■ Your task: When you restate the entries that follow, keep every word exactly and drop the pictures.
(Beginning of Source information)
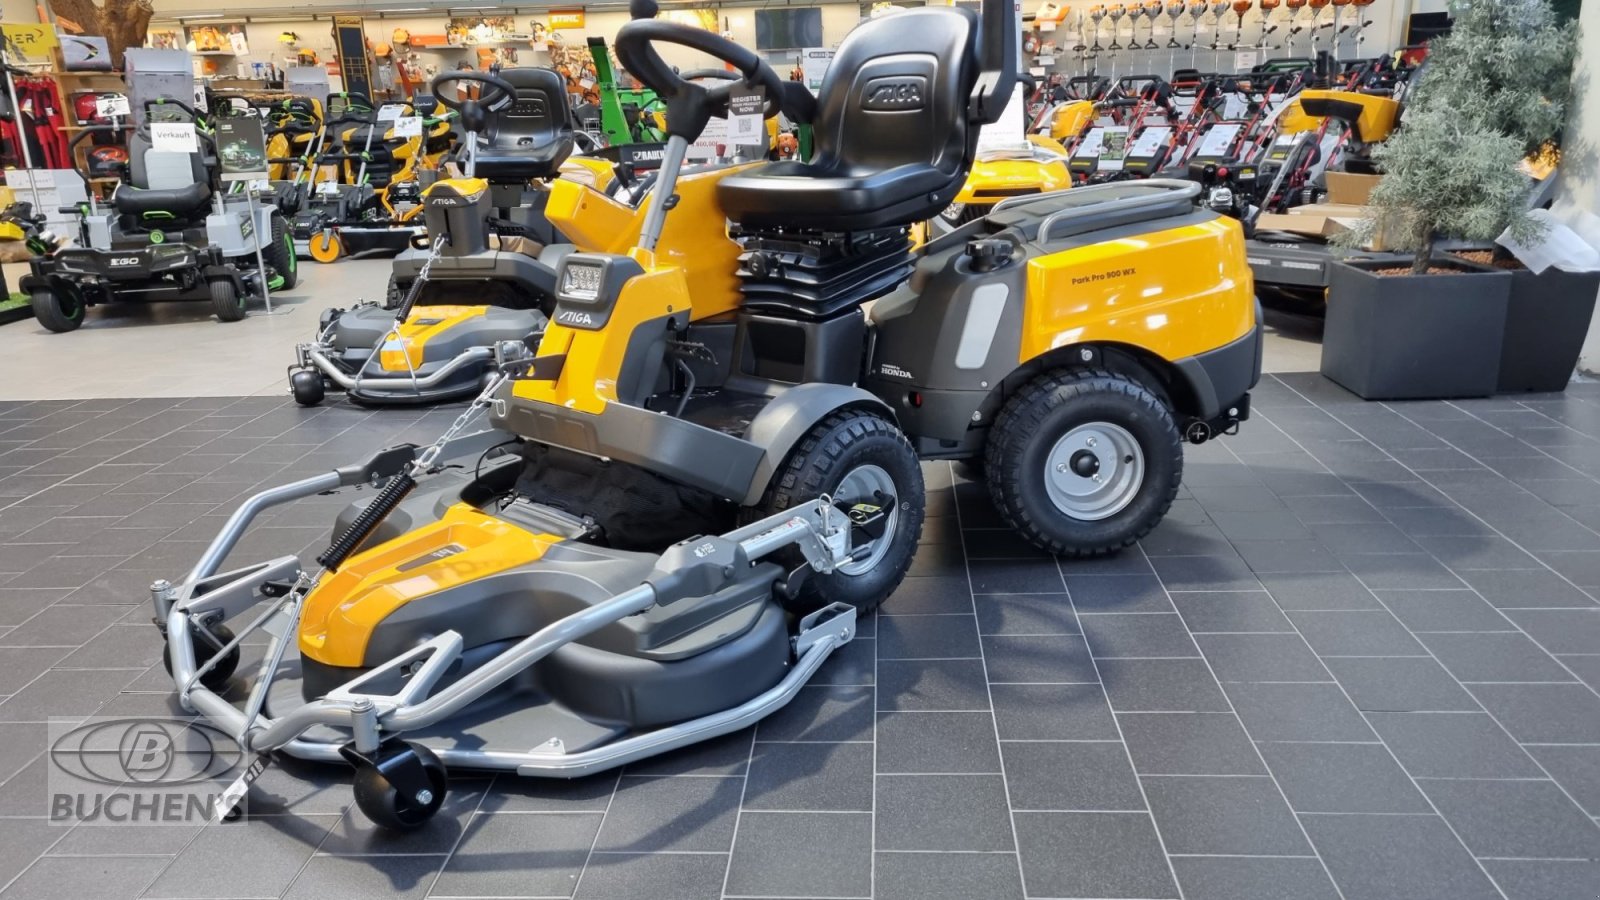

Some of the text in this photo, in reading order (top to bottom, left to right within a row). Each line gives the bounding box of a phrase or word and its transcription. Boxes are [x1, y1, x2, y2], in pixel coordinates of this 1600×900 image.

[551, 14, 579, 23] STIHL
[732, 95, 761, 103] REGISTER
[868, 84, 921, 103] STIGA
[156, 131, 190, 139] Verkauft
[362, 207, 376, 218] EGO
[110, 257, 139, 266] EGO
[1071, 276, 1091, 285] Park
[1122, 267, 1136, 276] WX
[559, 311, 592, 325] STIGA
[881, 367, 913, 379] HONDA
(End of Source information)
■ Result for this exercise:
Some of the text in this photo, in reading order (top to bottom, left to right within a row). Each line gives the bounding box of a phrase or word and its transcription. Boxes are [x1, y1, x2, y2], in pixel coordinates of this 1600×900 image.

[551, 14, 579, 23] STIHL
[732, 95, 761, 103] REGISTER
[868, 84, 921, 103] STIGA
[156, 131, 190, 139] Verkauft
[362, 207, 376, 218] EGO
[110, 257, 139, 266] EGO
[1071, 276, 1091, 285] Park
[1122, 267, 1136, 276] WX
[559, 311, 592, 325] STIGA
[881, 367, 913, 379] HONDA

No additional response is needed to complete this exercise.